__EXERCISE__
Set down all of the data again, character for character.

__RECORDS__
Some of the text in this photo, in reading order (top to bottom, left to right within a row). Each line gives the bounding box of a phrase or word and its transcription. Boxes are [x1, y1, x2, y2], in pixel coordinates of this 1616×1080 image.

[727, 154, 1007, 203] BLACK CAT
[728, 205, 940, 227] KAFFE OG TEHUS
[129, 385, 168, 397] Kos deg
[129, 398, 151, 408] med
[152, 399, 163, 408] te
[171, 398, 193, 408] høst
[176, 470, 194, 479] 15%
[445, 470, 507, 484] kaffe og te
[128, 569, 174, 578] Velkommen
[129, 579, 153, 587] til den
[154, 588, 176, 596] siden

__EXPECTED ANSWER__
Some of the text in this photo, in reading order (top to bottom, left to right within a row). Each line gives the bounding box of a phrase or word and its transcription. Boxes are [x1, y1, x2, y2], in pixel coordinates of this 1616×1080 image.

[727, 154, 1007, 203] BLACK CAT
[728, 205, 940, 227] KAFFE OG TEHUS
[129, 385, 168, 397] Kos deg
[129, 398, 151, 408] med
[152, 399, 163, 408] te
[171, 398, 193, 408] høst
[176, 470, 194, 479] 15%
[445, 470, 507, 484] kaffe og te
[128, 569, 174, 578] Velkommen
[129, 579, 153, 587] til den
[154, 588, 176, 596] siden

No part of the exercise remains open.